Never-ending User Story

How many stories are in your team’s backlog? How many items are on the To-Do list? Count them.

If you’re like most other teams, the answer is: way too many.

What’s up with that? Why do backlogs only grow?

There are three forces at play here that are innocent on their own but create a diabolical interplay.

Creeping is the nature of scope

Before the whole Agile thing became mainstream, we had project managers guarding the scope. The idea was simple and flawed: scope was fixed and we needed a knight to fend off those that wanted to sneak in more work. Scope grows because complexity increases and we estimate overly optimistic. And because humans are generally bad at predicting the future.

Adding features is trivial

We’ve seen that BUFD doesn’t work and most companies have embraced this concept. Instead of analysis documents, we’re drafting quick User Stories. Adding a feature to the scope used to require in-depth research and loads of prose. Adding a new Story takes a minute.
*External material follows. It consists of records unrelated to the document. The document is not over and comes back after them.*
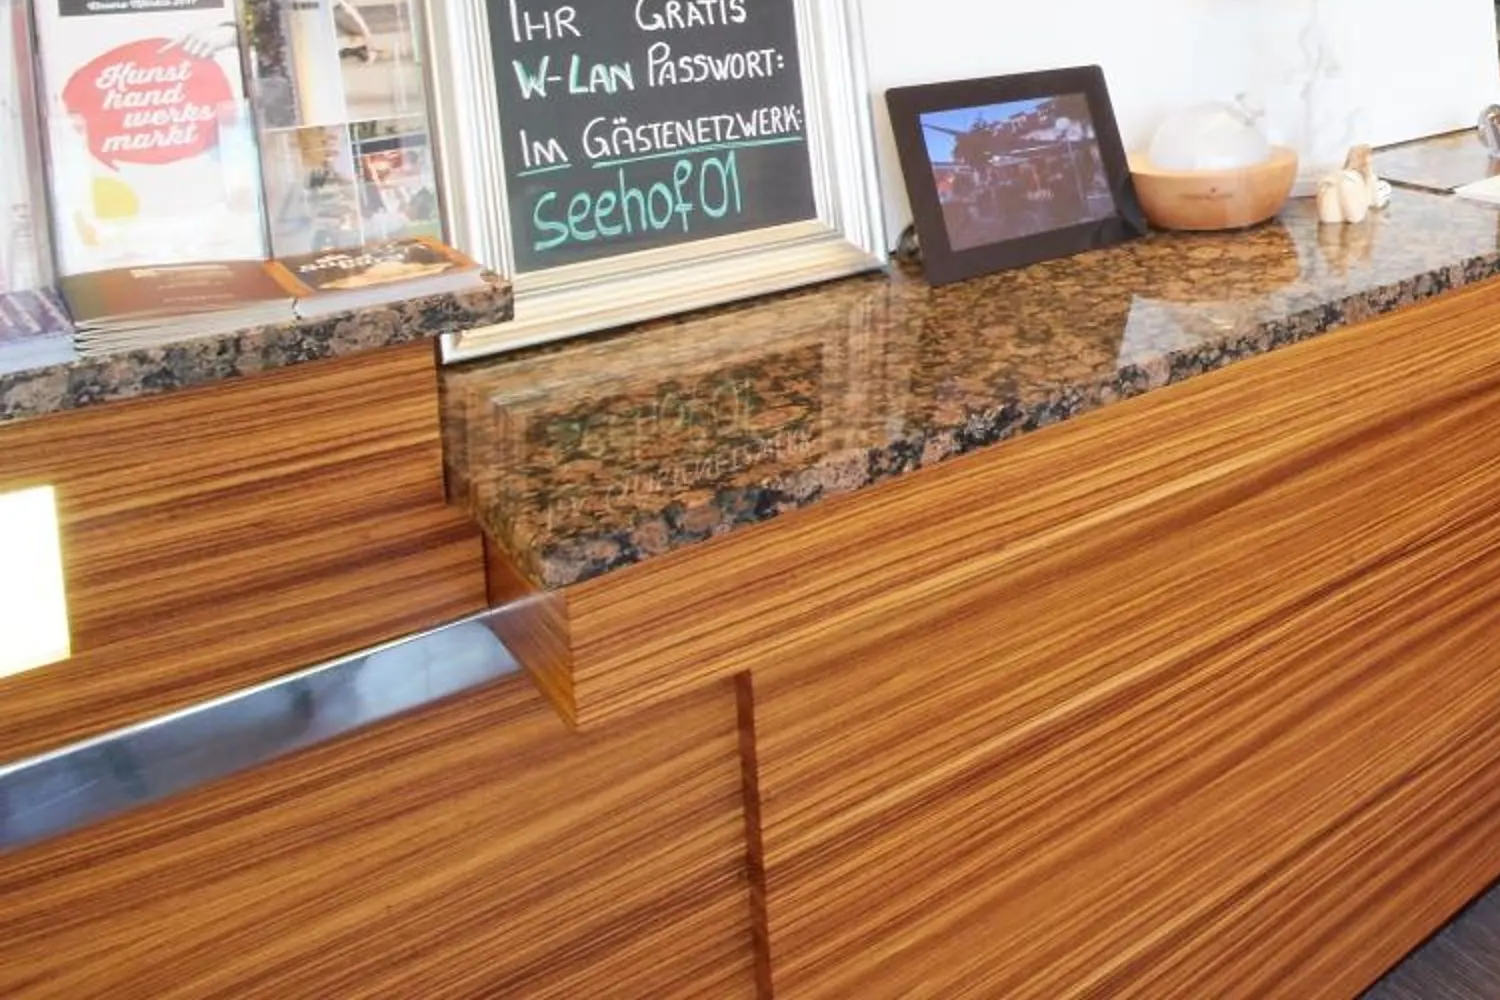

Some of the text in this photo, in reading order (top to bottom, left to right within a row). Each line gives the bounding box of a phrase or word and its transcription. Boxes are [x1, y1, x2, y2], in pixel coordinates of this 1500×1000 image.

[511, 53, 636, 100] W-LAN
[103, 83, 186, 110] hand
[122, 103, 217, 129] werks
[101, 124, 201, 153] markt
[520, 128, 569, 168] IM
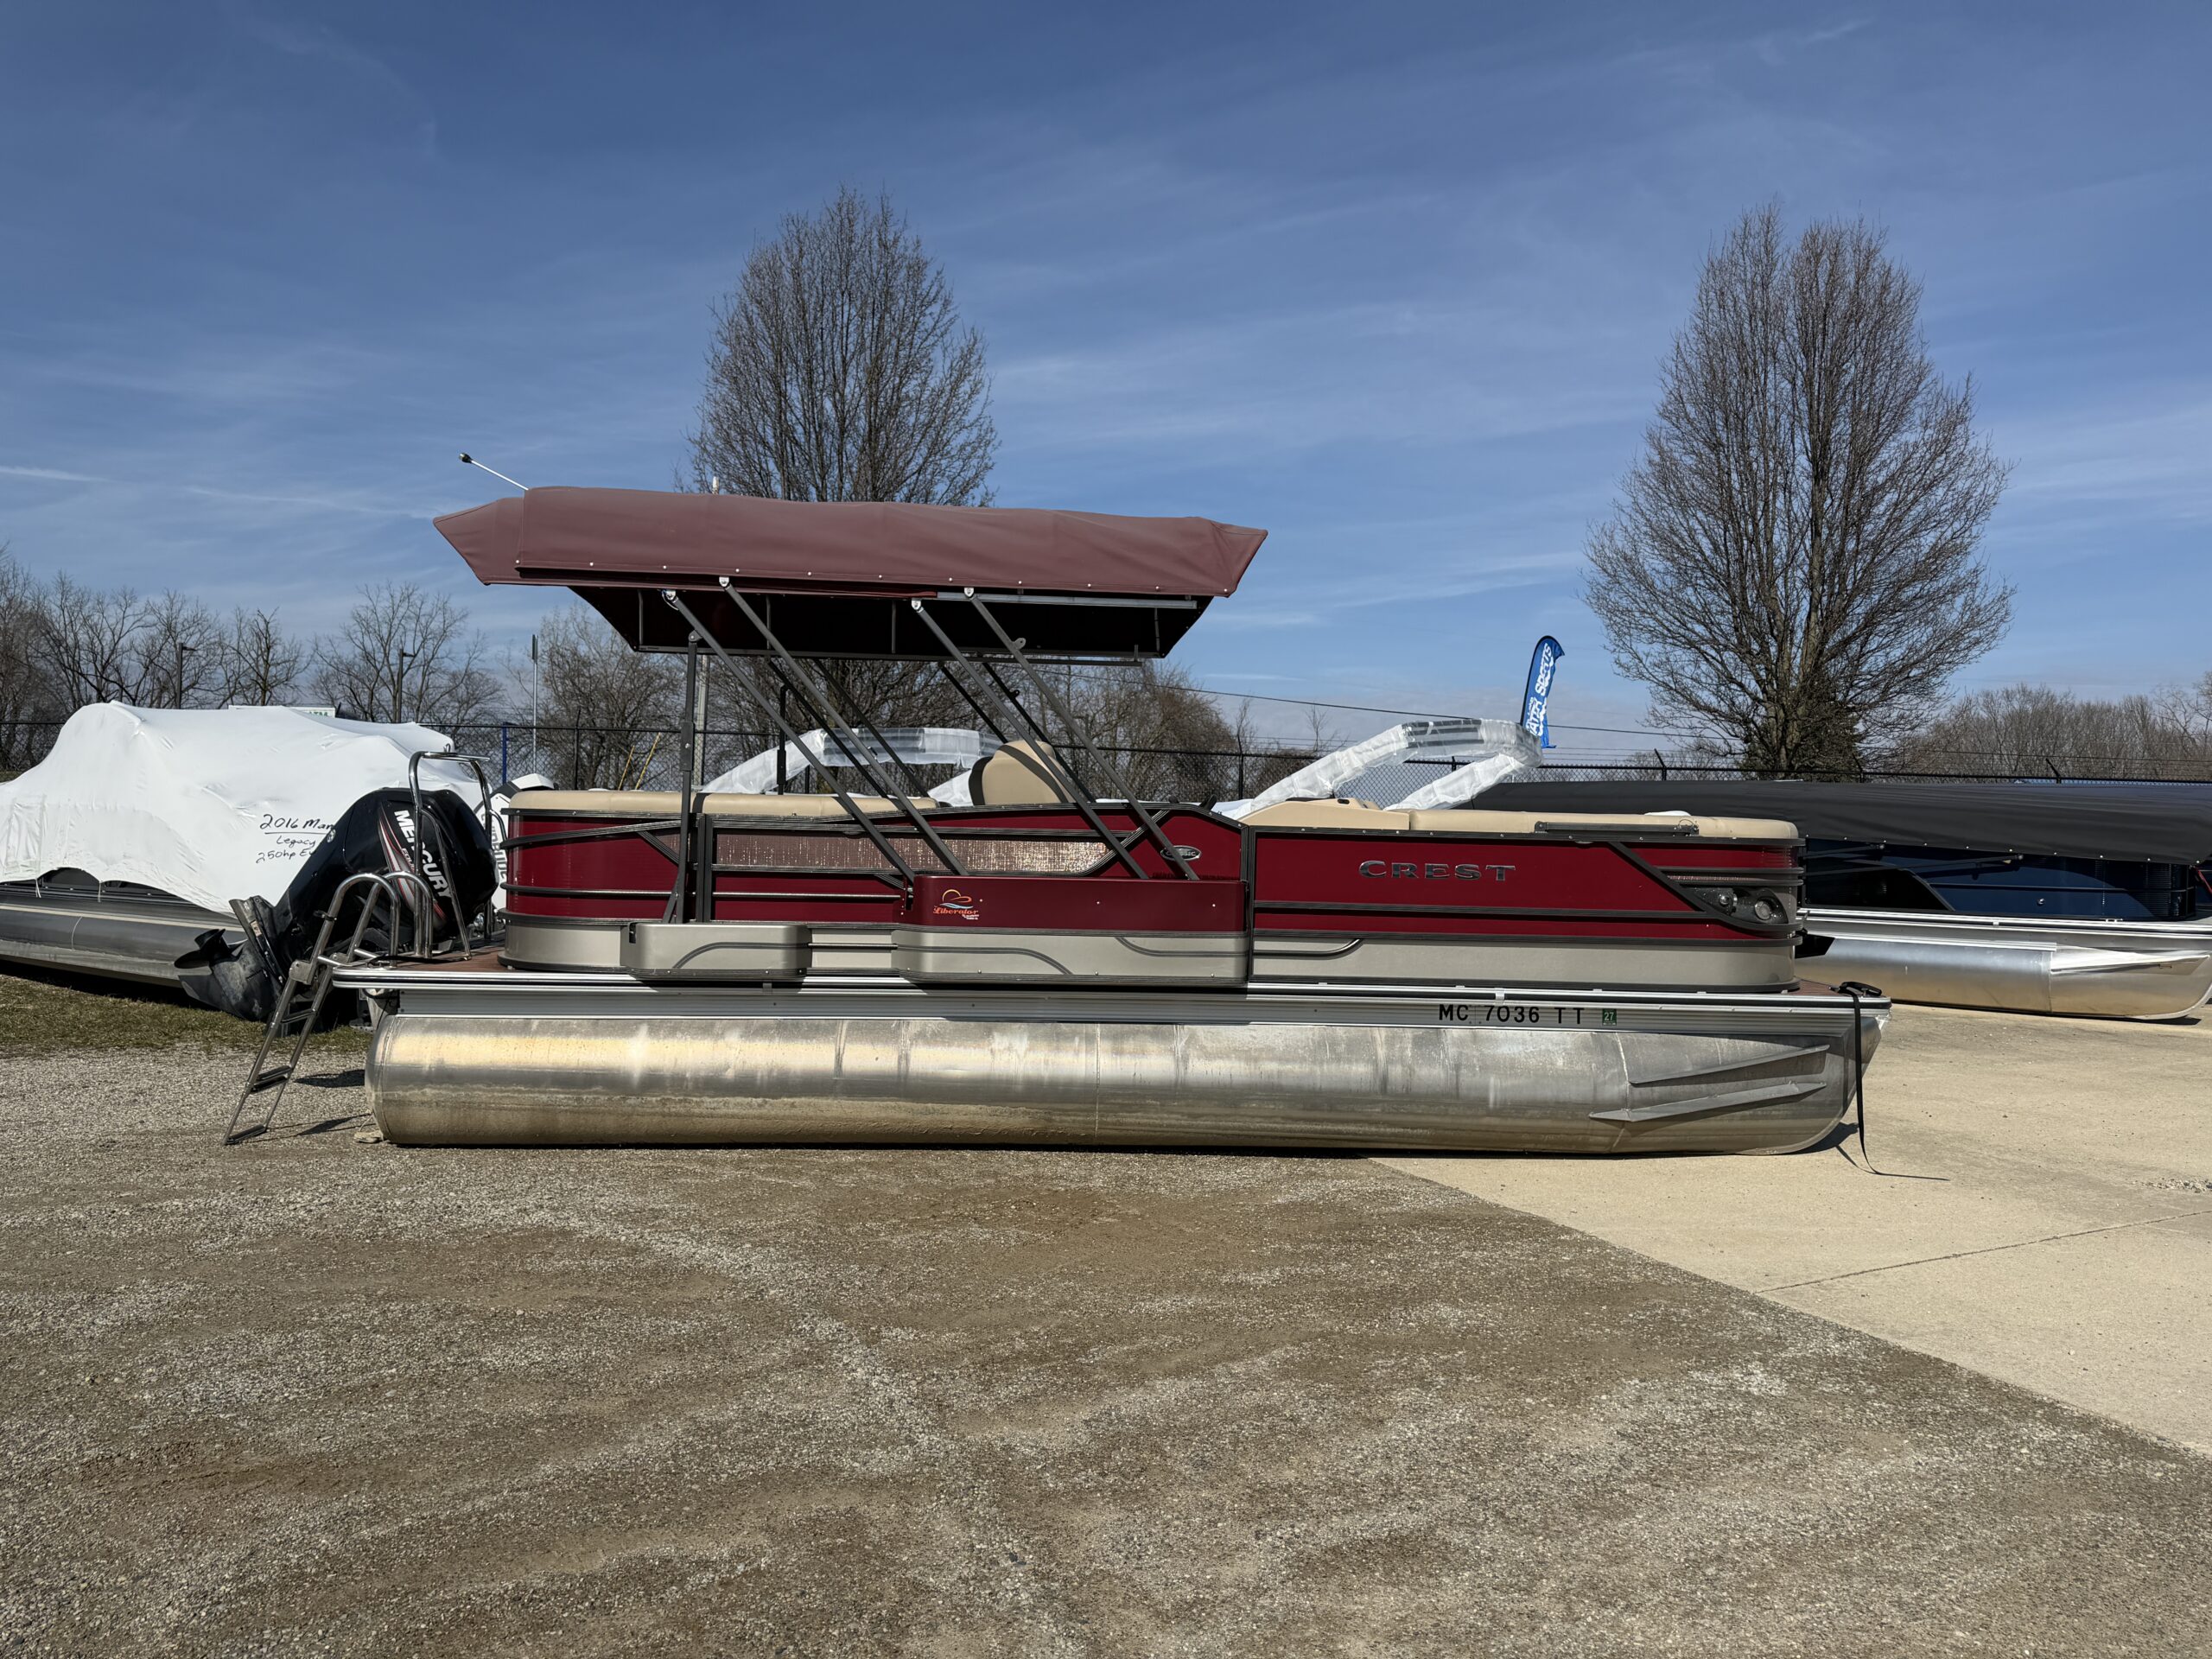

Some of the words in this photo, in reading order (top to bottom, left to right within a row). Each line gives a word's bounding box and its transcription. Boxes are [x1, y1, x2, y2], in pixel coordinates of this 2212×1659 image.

[260, 814, 298, 830] 2016
[276, 835, 316, 848] Legacy
[256, 849, 296, 863] 250hp
[1358, 860, 1516, 881] CREST
[933, 906, 978, 915] Liberator
[1439, 1004, 1469, 1021] MC
[1484, 1005, 1541, 1024] 7036
[1604, 1011, 1614, 1021] 27
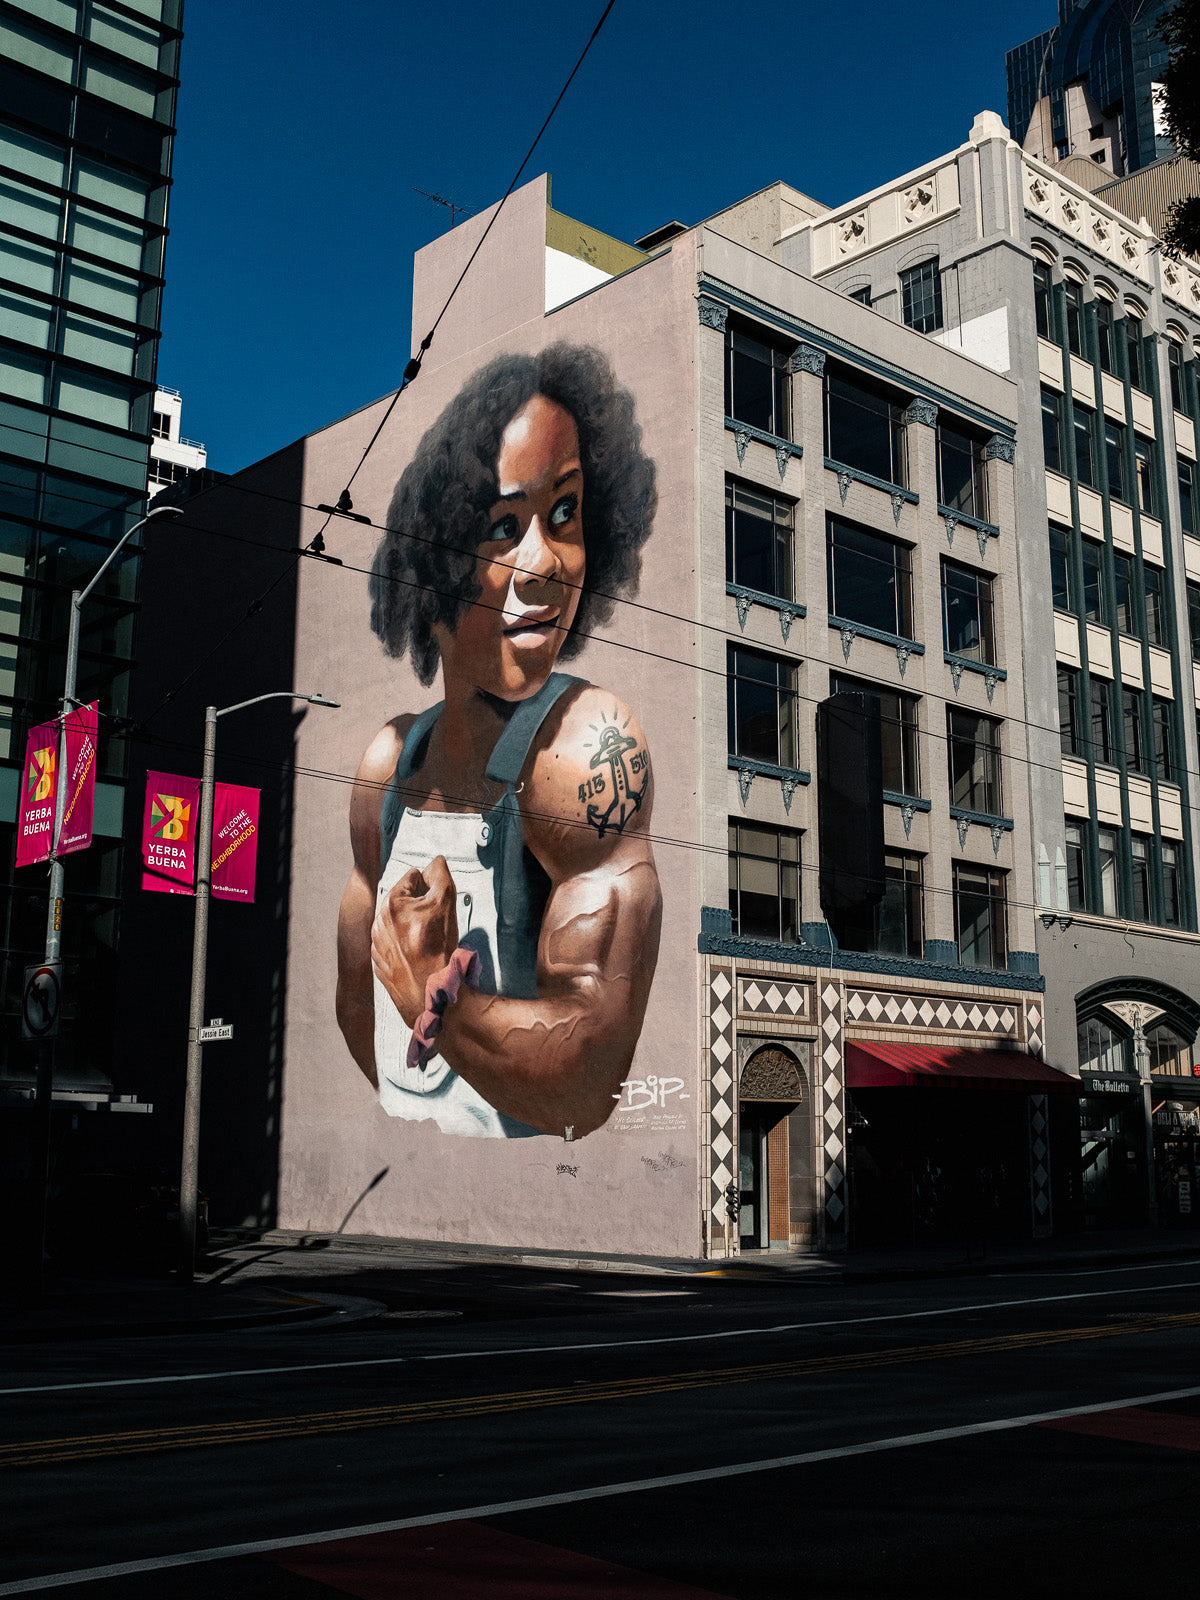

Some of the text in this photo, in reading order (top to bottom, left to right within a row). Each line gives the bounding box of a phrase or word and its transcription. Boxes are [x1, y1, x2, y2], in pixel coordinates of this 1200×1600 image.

I see places where they even capture “ideas” in the backlog. 

Too many waiters in the kitchen

Software development these days involves plenty of stakeholders, users and “business people”. That’s a Good Thing ™. But often, the kitchen is overcrowded. The wait staff is adding order after order and the cooks can’t keep up. There is still the prevalent mindset that Business orders stuff and IT builds it. Adding more Business equals adding more orders.

This makes for a highly combustible mix. Not only does the list grow, but most items are added by those who aren’t going to build them. There is no penalty for adding another quick ticket to the backlog. I often see these “idea committees” that churn out vague JIRA tasks.

Those that take up the Project Manager role have no more tools to fend off the extra load. There are no Change Requests in Agile. Sure, they can keep tickets out of a sprint, but keeping them out of the backlog is difficult. Every idea, no matter how old and vague, is somebody’s baby. People are overly invested in the nice-to-haves they came up with. So we keep them in. Just in case.

We have Business people churning out JIRA tickets, a PM that doesn’t get to say No and a dev team with naturally limited capacity. The never-ending backlog is inevitable.

Unless…

The backlog should be a tool for the development team. It’s not a Product Breakdown Structure. It’s not The Scope. It shouldn’t be a roadmap for all kinds of features that we might want to build one day.

Here are some guidelines for a healty backlog.

  1. Keep it clean. Everything that’s in there is going to be built in the short term. No vague ideas. No nice-to-haves. Throw away what isn’t a high priority anymore.
  2. Keep it proportional. If your team delivers 3 tickets per sprint, 40 tickets are half a year worth of backlog. That’s crazy.
  3. Keep it short term. There is no need to cram more than two months of stuff in a backlog. Ever.
  4. Keep it private. Only the team should work on the backlog. The more people are involved, the more it becomes a never-ending wish list.
  5. Aim for Backlog zero. A to-do list that never gets depleted is a demotivational hamster wheel. Allow your team to finish the backlog a few times per year. Bake cake when that happens.

We’re all in favour of transparency and stakeholder involvement, but ideas are cheap. Give your teams the tools to focus on those features that do matter.